Thursday, Nov. 08, 2007
Business Books
By Tiffany Sharples
The Healthcare Fix: Universal Insurance for All Americans
By Laurence Kotlikoff
MIT Press; 98 pages
When the first baby boomer filed for Social Security in mid-October, chills must have coursed along Laurence Kotlikoff's spine. For years the Boston University economist, among others, has been warning of our pending financial crisis--the burden of Social Security and health care for our largest generation on the shoulders of a diminishing proportion of workers. "We're creating our own fiscal catastrophe," Kotlikoff said in 2004. At the same time, businesses have been desperate to contain rising health-care premiums. Three years later, Kotlikoff is still determinedly on message--and offers his own radical cure for the problem.
With the earnest tone of a teacher aching for his students to understand, Kotlikoff creates a stark picture of our looming financial straits. The "fiscal gap," or difference between what social programs cost and the money the government is bringing in to pay for them, is now about $230,000 per citizen.
Kotlikoff's most interesting discussion is that there's no point debating the merits of socialized medicine, the one-payer system used in the U.K. It's already here, he says. It's just hugely inefficient, exemplified by many of the 47 million uninsured turning to emergency rooms for care. The other piece of it, Medicare and Medicaid, is going broke as the ratio of retirees to wage earners rises dramatically with the aging of 77 million baby boomers.
But we know that. In what feels like a breathless crescendo, he launches his health-care manifesto. He suggests eliminating Medicare and Medicaid and using those funds to provide health-insurance vouchers for all. In his model, the more precarious your health, the larger the voucher, which you could use to purchase plans from private insurance providers.
Kotlikoff acknowledges his detractors, who argue that his plan for a complete overhaul, although market-based, is politically nonviable. Unlike the plans in Massachusetts and California that are buttressed by existing programs, his wouldn't be the sort of incremental change Americans have come to expect.

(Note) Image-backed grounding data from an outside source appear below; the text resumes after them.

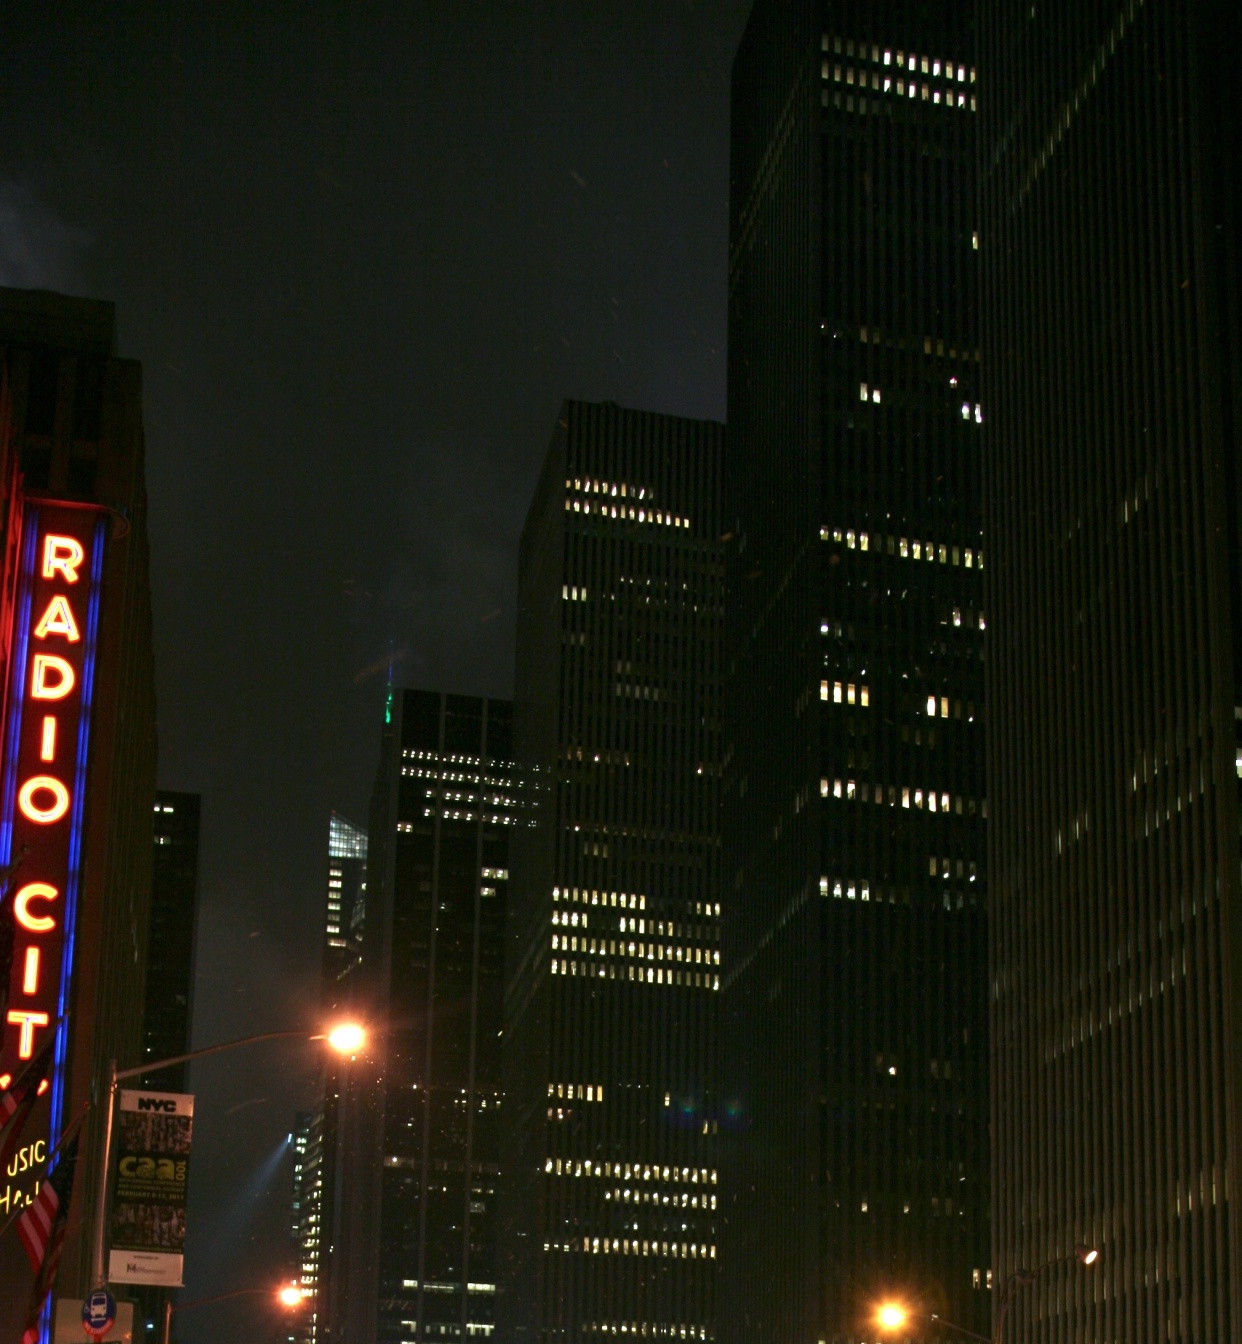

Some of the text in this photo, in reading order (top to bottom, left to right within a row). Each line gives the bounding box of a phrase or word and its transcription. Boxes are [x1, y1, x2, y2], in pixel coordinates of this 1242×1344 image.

[18, 533, 84, 825] RADIO
[1, 882, 58, 1094] CIT
[137, 1097, 177, 1112] NYC
[7, 1140, 45, 1177] USIC
[119, 1156, 175, 1180] caa
[116, 1189, 151, 1199] FEBRUARY
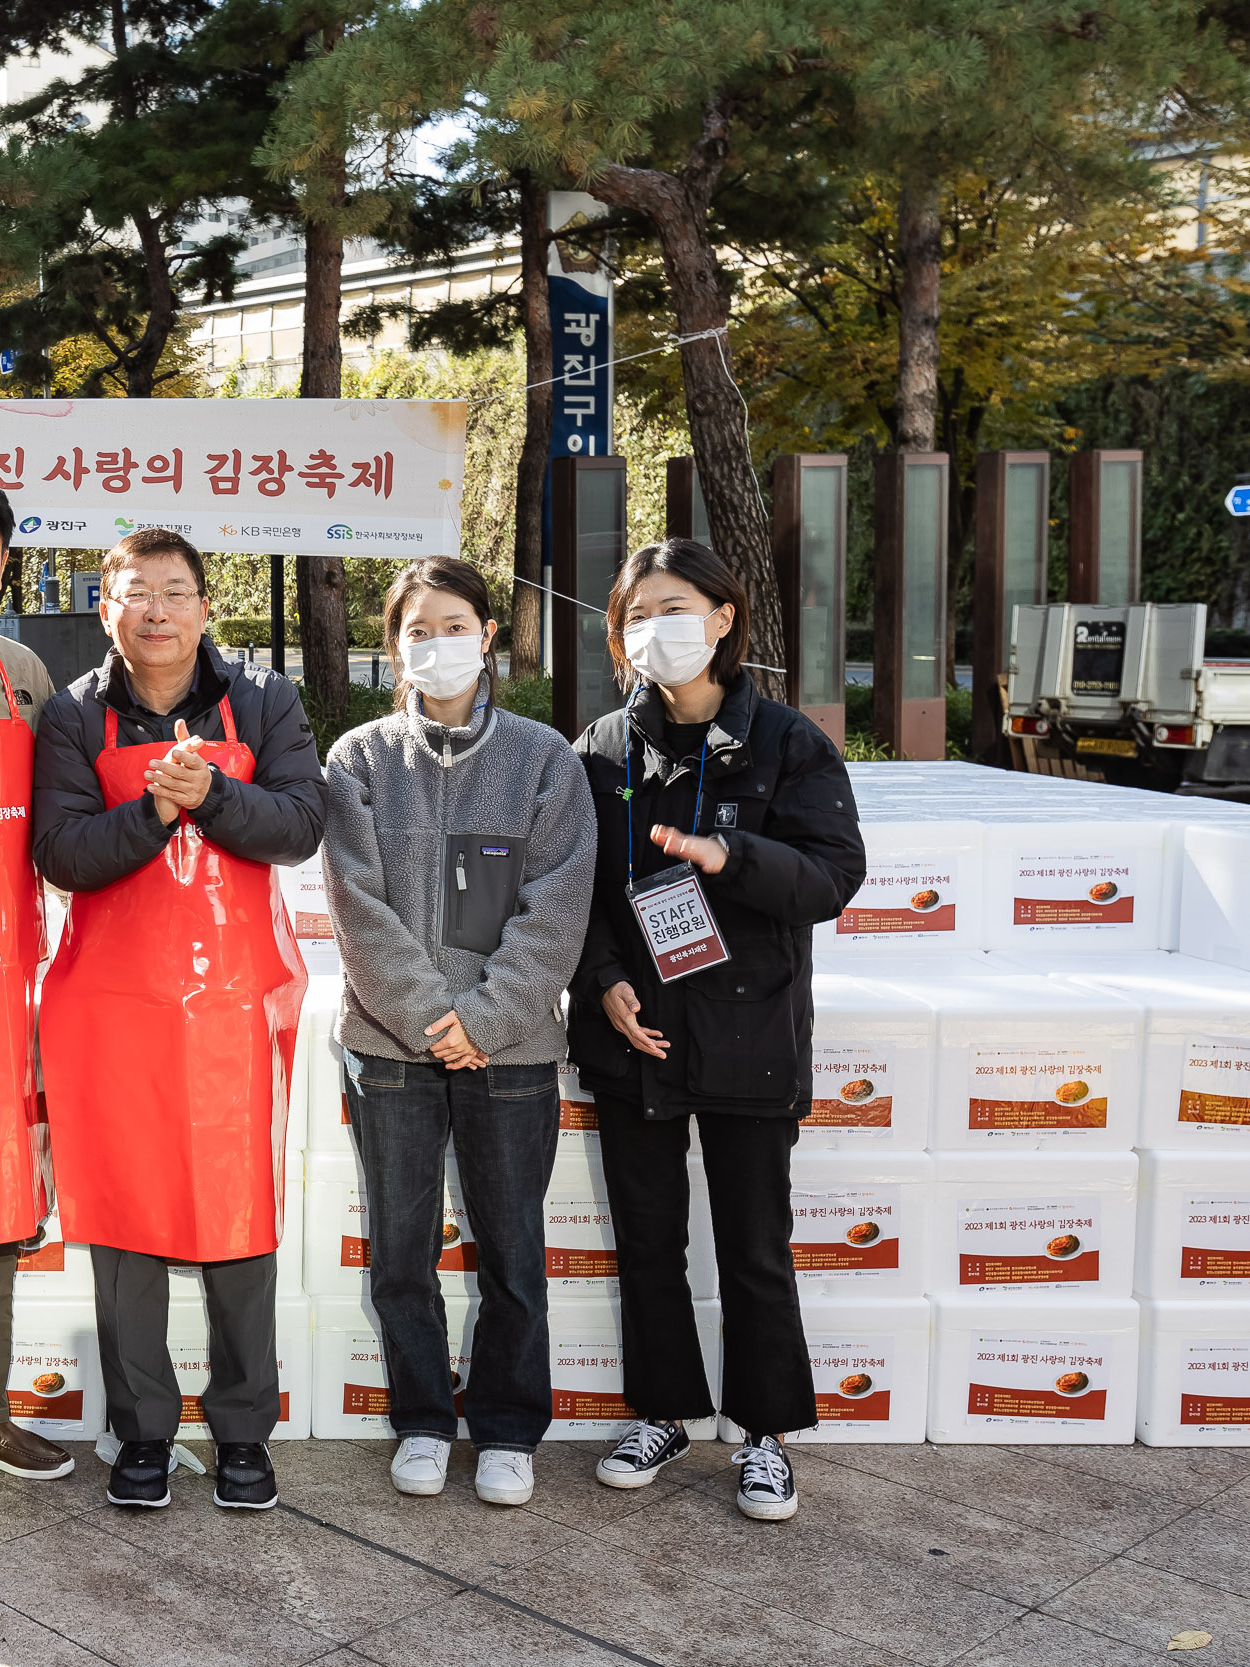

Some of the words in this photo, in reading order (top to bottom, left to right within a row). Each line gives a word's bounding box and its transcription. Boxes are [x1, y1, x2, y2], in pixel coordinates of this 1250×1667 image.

[42, 446, 183, 494] 사랑의
[203, 448, 394, 500] 김장축제
[46, 520, 87, 531] 광진구
[241, 526, 260, 536] KB
[262, 526, 301, 538] 국민은행
[355, 531, 423, 542] 한국사회보장정보원
[648, 899, 696, 929] STAFF
[652, 914, 707, 945] 진행요원
[670, 944, 708, 962] 광진복지재단
[824, 1064, 850, 1073] 사랑의
[853, 1064, 887, 1073] 김장축제
[1190, 1059, 1208, 1067] 2023
[1210, 1059, 1232, 1069] 제1회
[976, 1066, 994, 1074] 2023
[996, 1065, 1017, 1075] 제1회
[1020, 1065, 1036, 1075] 광진
[1038, 1065, 1065, 1075] 사랑의
[1068, 1065, 1102, 1074] 김장축제
[349, 1205, 367, 1213] 2023
[810, 1208, 827, 1218] 광진
[829, 1207, 855, 1216] 사랑의
[858, 1206, 892, 1216] 김장축제
[549, 1216, 567, 1224] 2023
[568, 1215, 590, 1224] 제1회
[593, 1215, 610, 1224] 광진
[965, 1223, 983, 1231] 2023
[985, 1221, 1006, 1231] 제1회
[1010, 1220, 1026, 1230] 광진
[1029, 1220, 1055, 1229] 사랑의
[1058, 1218, 1092, 1229] 김장축제
[1189, 1215, 1207, 1224] 2023
[1208, 1215, 1230, 1224] 제1회
[1233, 1215, 1250, 1225] 광진
[16, 1356, 42, 1366] 사랑의
[44, 1357, 78, 1368] 김장축제
[351, 1353, 369, 1361] 2023
[557, 1358, 575, 1366] 2023
[576, 1358, 598, 1367] 제1회
[600, 1358, 617, 1367] 광진
[977, 1353, 996, 1361] 2023
[997, 1353, 1018, 1362] 제1회
[1021, 1354, 1038, 1364] 광진
[1040, 1355, 1066, 1365] 사랑의
[1069, 1356, 1103, 1366] 김장축제
[823, 1358, 848, 1368] 사랑의
[851, 1358, 885, 1368] 김장축제
[1188, 1362, 1206, 1371] 2023
[1207, 1361, 1229, 1371] 제1회
[1232, 1361, 1249, 1372] 광진

Yet perhaps that is Kotlikoff's crucial point and one that our presidential candidates should bear in mind. If our health-care woes are reaching critical mass, perhaps drastic measures are the only way to effect real change.

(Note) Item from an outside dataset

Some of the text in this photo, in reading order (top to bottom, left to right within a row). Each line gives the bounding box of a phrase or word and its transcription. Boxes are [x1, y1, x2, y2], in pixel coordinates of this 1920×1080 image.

Valley Boy: The Education of Tom Perkins
By Tom Perkins
Gotham Books; 289 pages
Self-effacing is rarely a term used to describe wildly successful venture capitalists. Yet in Tom Perkins' memoir, the Silicon Valley legend--hardly short of ego--manages that trick, revealing himself in all his "nerdy" glory and lifting the veil on the very good life. He sews dry humor through tales of yachting triumphs, road rallies in expensive cars, tech start-ups and the boardroom coup he instigated at Hewlett Packard. Looking back without rancor or remorse, he has a knack for storytelling that makes him feel like a buddy who never fails to laugh at himself.
Think Big and Kick Ass
By Donald Trump and Bill Zanker
Collins; 384 pages
With the grace of a Ginsu-knife salesman, Donald Trump mixes advice--"Go with your gut" and "When somebody screws you, screw them back in spades"--with self-aggrandizing outbursts, like declaring that his dealmaking is so superb he "could negotiate peace in the Middle East." He is echoed only somewhat less obnoxiously by his co-writer, Bill Zanker. Thankfully, Trump stops short of listing the powerful women he claims to have slept with. "If I did, this book would sell 10 million copies," he says, adding smugly, "maybe it will anyway." Unfortunately, he's probably right.